I Have Fun Everywhere I Go Page 2
It took about two seconds for the guy with the shotgun to appear.
It’s funny how on LSD things can sometimes appear so clear. Like what William Burroughs said about “the naked lunch,” that moment when you can see exactly what’s at the end of your fork. In this case it was just about the ugliest mutherfucker I have ever laid eyes on, covered in scars and sweat and leveling a sawed-off shotgun at our heads, demanding to know what the fuck we wanted.

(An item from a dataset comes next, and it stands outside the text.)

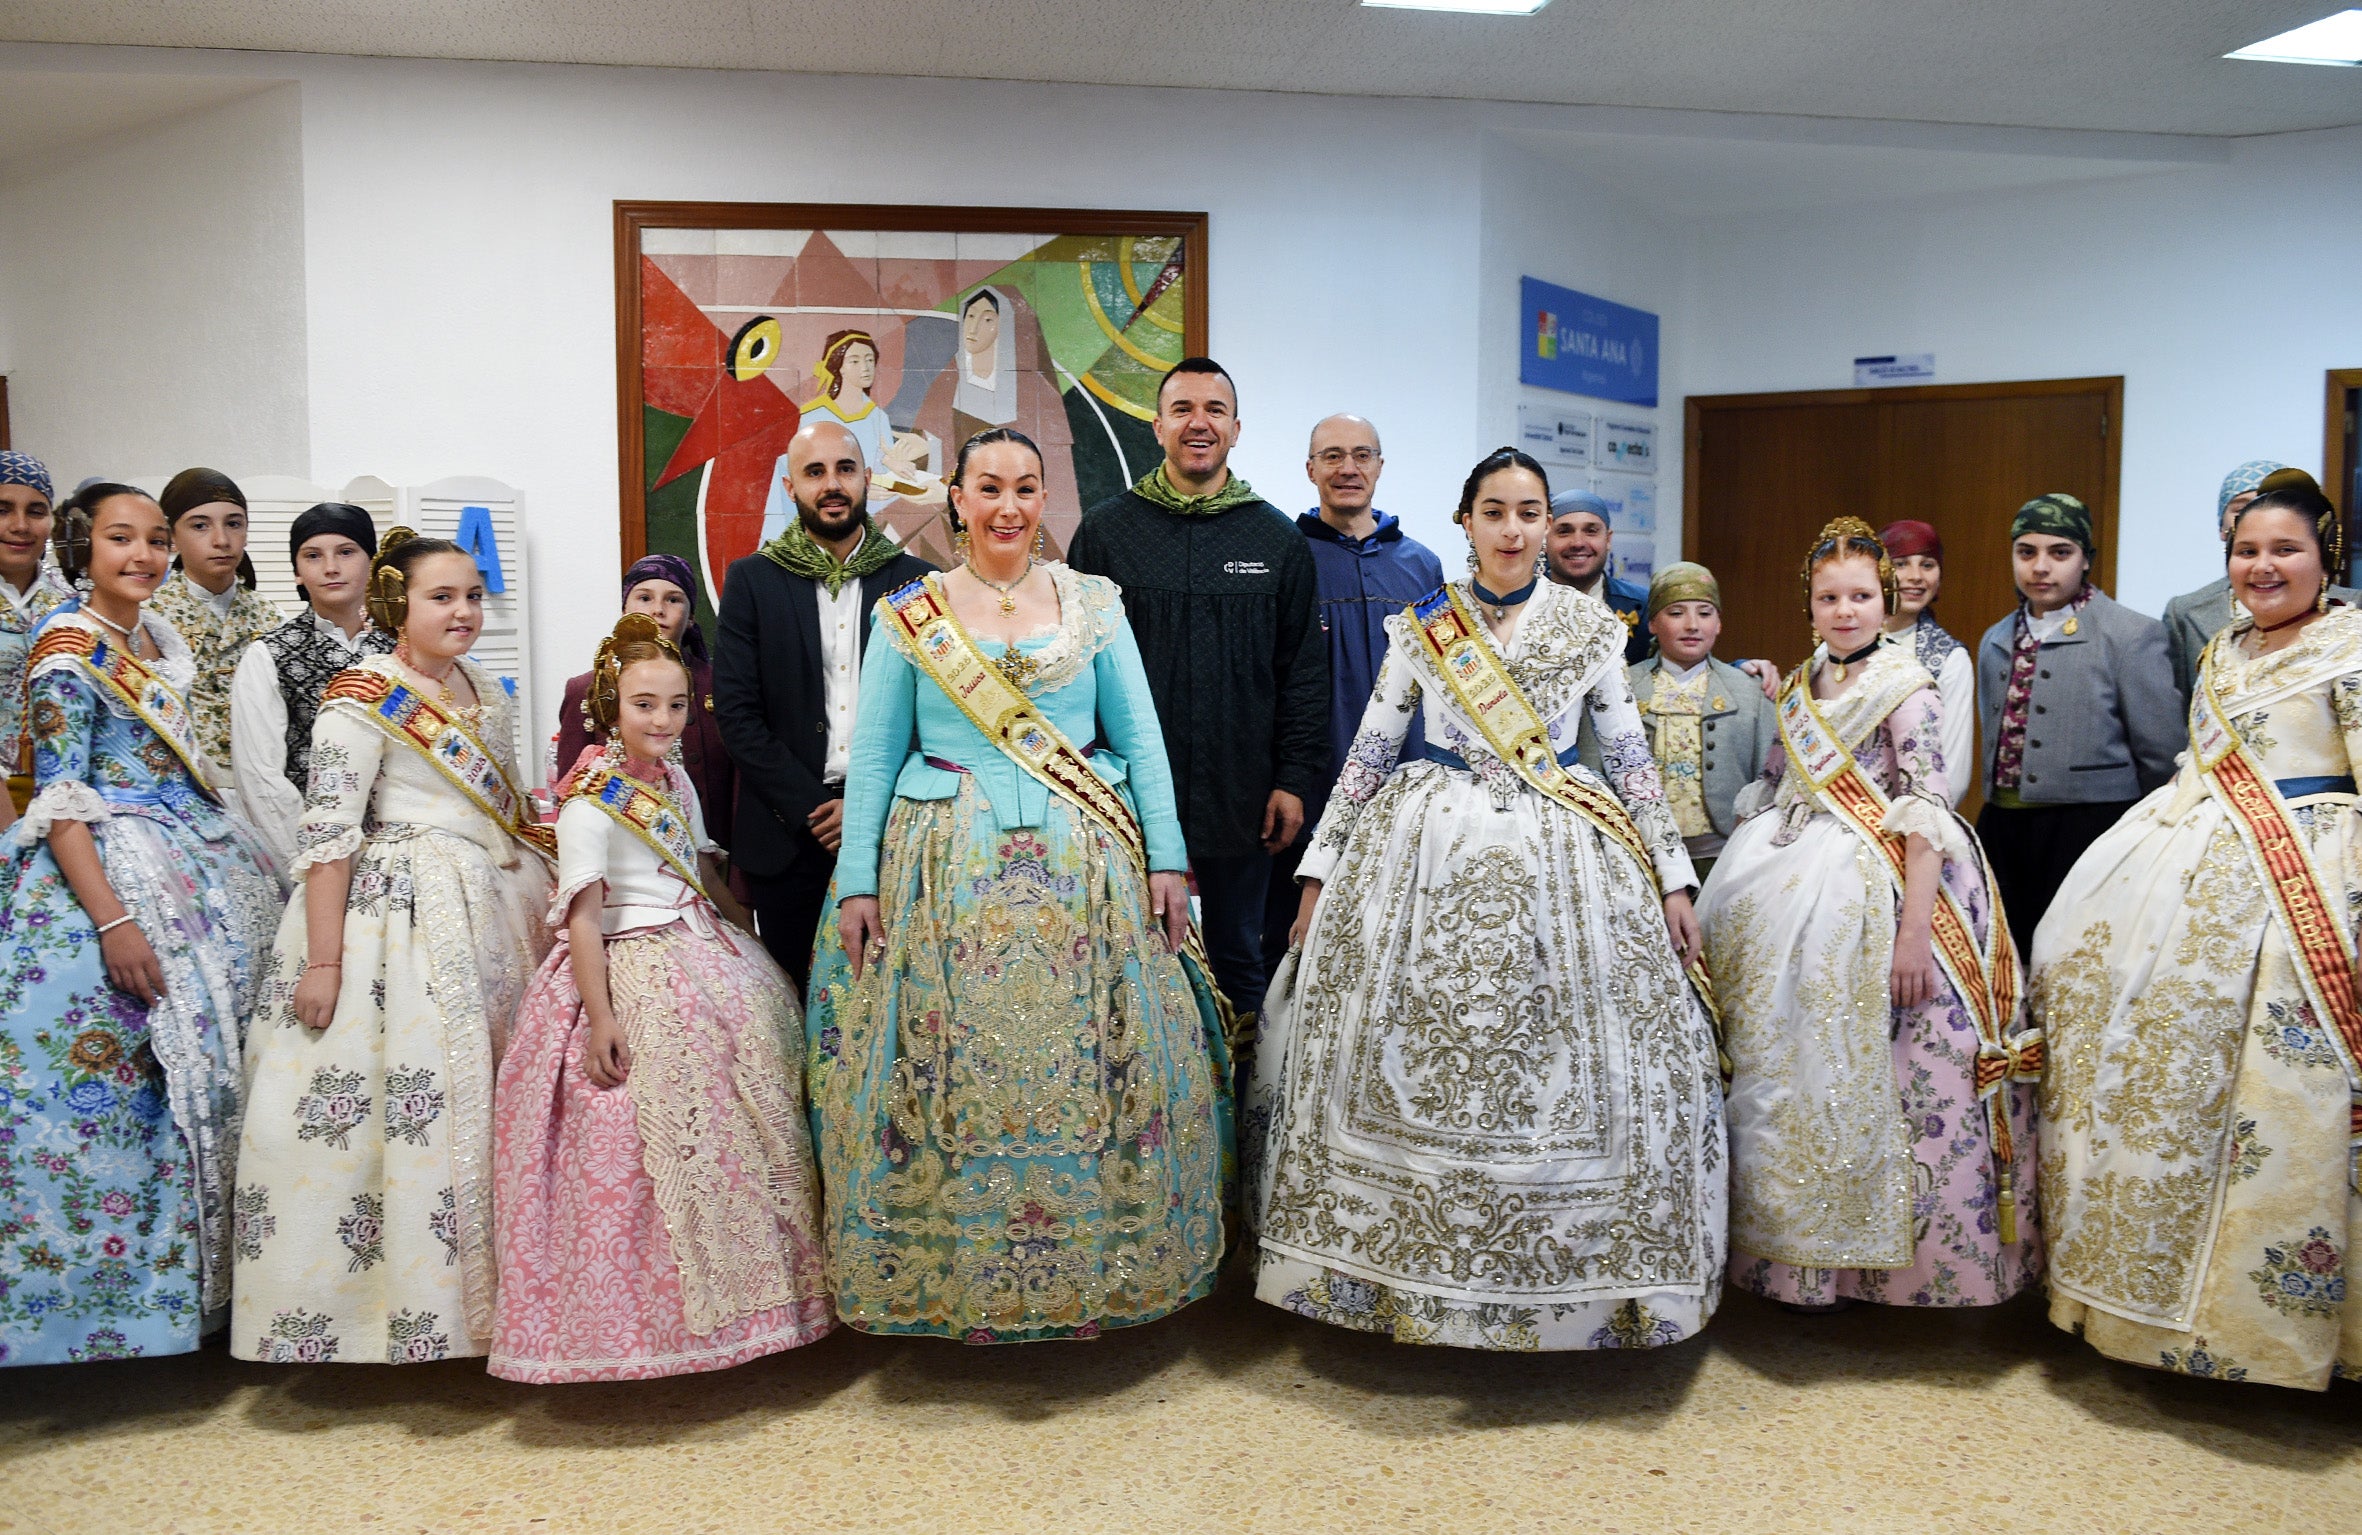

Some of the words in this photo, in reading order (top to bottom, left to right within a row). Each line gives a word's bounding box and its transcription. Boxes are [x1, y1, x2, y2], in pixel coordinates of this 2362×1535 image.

“It’s cool,” I offered. “We’re waiting for our friend.” I think I was pretty calm. Just a simple misunderstanding between some harmless college-boy acidheads and a heavily armed smack dealer. For a guy who was about to get his head blown off, Jim was surprisingly relaxed. Probably happened to him all the time back in St. Louis.
At that moment Jeremy opened the door. “Ah, here’s our friend now!” When Jeremy saw what was going on, his eyes popped out of his head, just like in a Tex Avery cartoon, but he managed to play it smooth. “They’re just coming up to see me,” he explained matter-of-factly. It was a big moment. I could feel my balls climbing up into my stomach. The guy lowered the shotgun. “Damn!” he said. “You can’t be hanging around here. I’m doin’ business!” And he disappeared. My balls descended, joyfully.

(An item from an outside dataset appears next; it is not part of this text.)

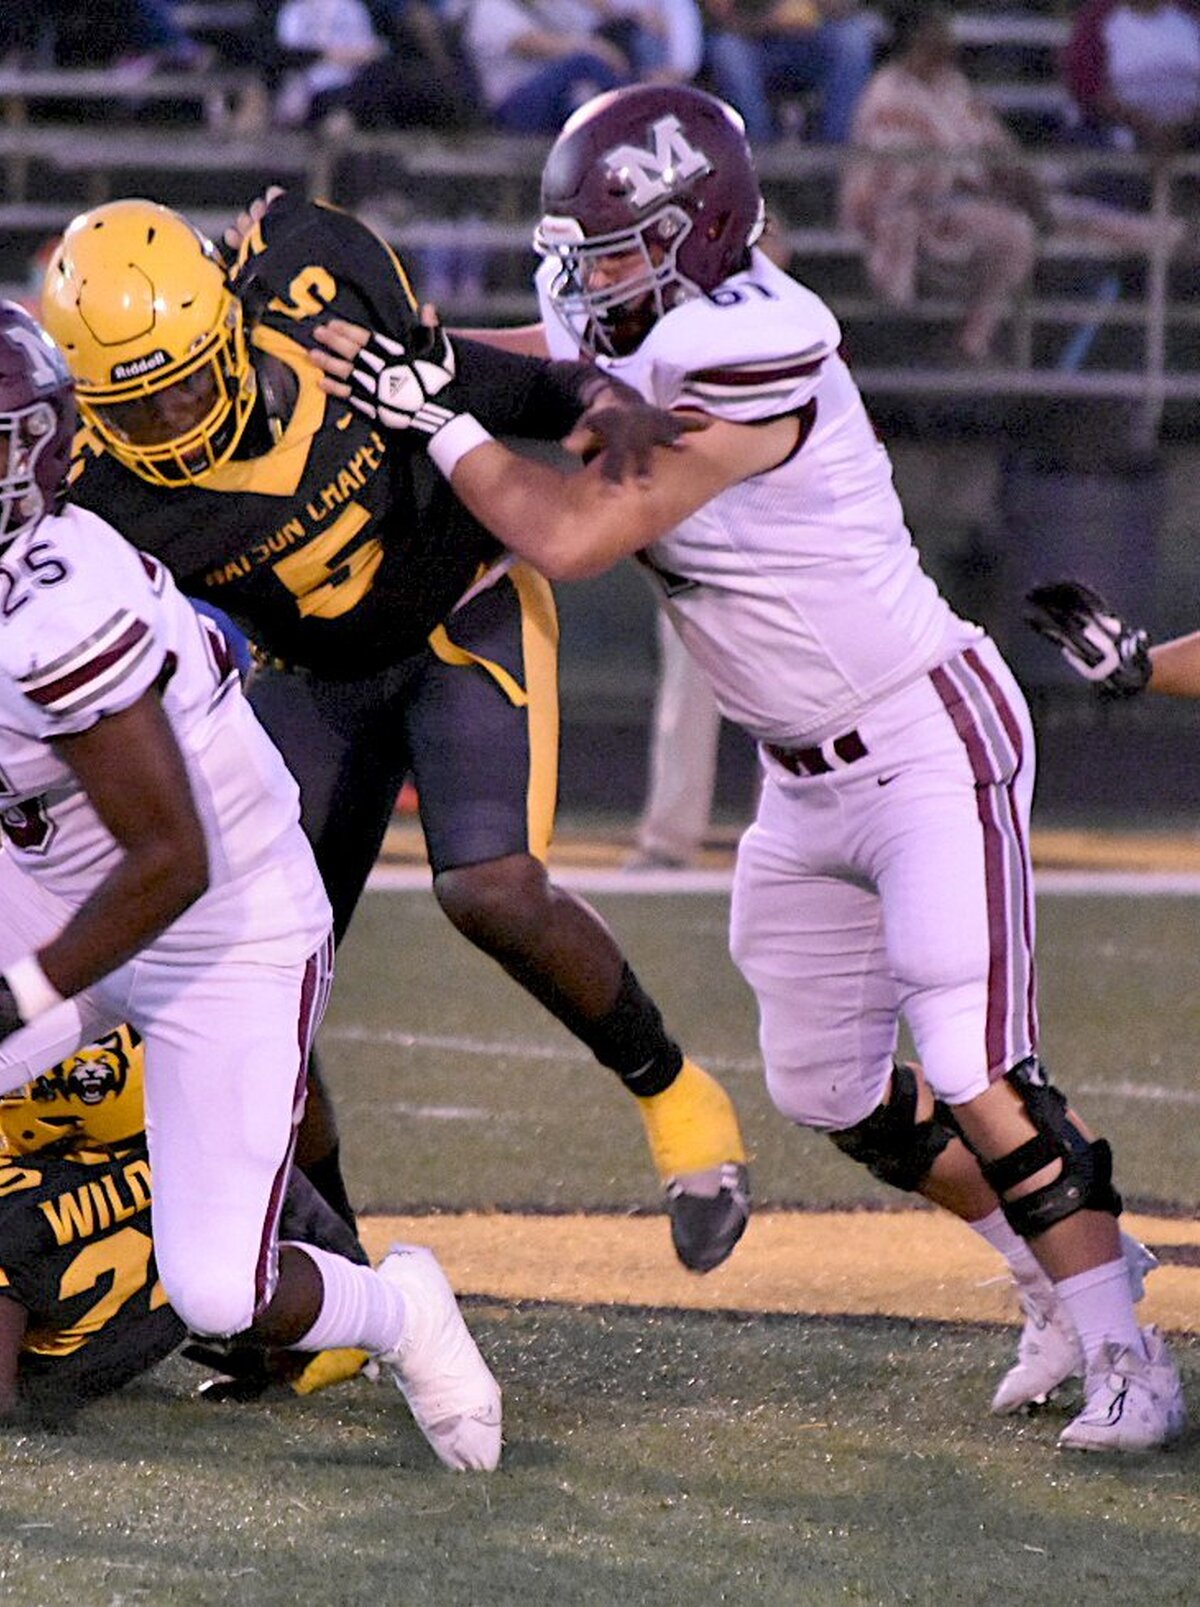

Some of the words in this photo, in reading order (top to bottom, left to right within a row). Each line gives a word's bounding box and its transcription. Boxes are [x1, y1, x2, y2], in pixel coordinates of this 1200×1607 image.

[602, 113, 713, 207] M
[115, 351, 167, 379] Riddell
[271, 500, 385, 619] 5
[29, 1226, 170, 1357] 2

“Holy fucking shit—” I stammered. “Holy fucking shit.”
“Are you okay?” Jeremy was just as freaked as I was.
“What are you guys talking about?” Jim said good-naturedly. Apparently, he had been busy traveling the astral plane and missed all the excitement.
Jeremy’s place was no more relaxed than the street had been. He had also seen Backlund on TV, and his reaction to this aberration (there is no crying in wrestling) was to throw everything not nailed down out the window, beginning with buckets of paint left over from eighty years of dirtbag tenants. He had the twelve-inch single of “Rapper’s Delight” on his turntable with the repeat switch on, the perfect soundtrack for druggy urban frustration.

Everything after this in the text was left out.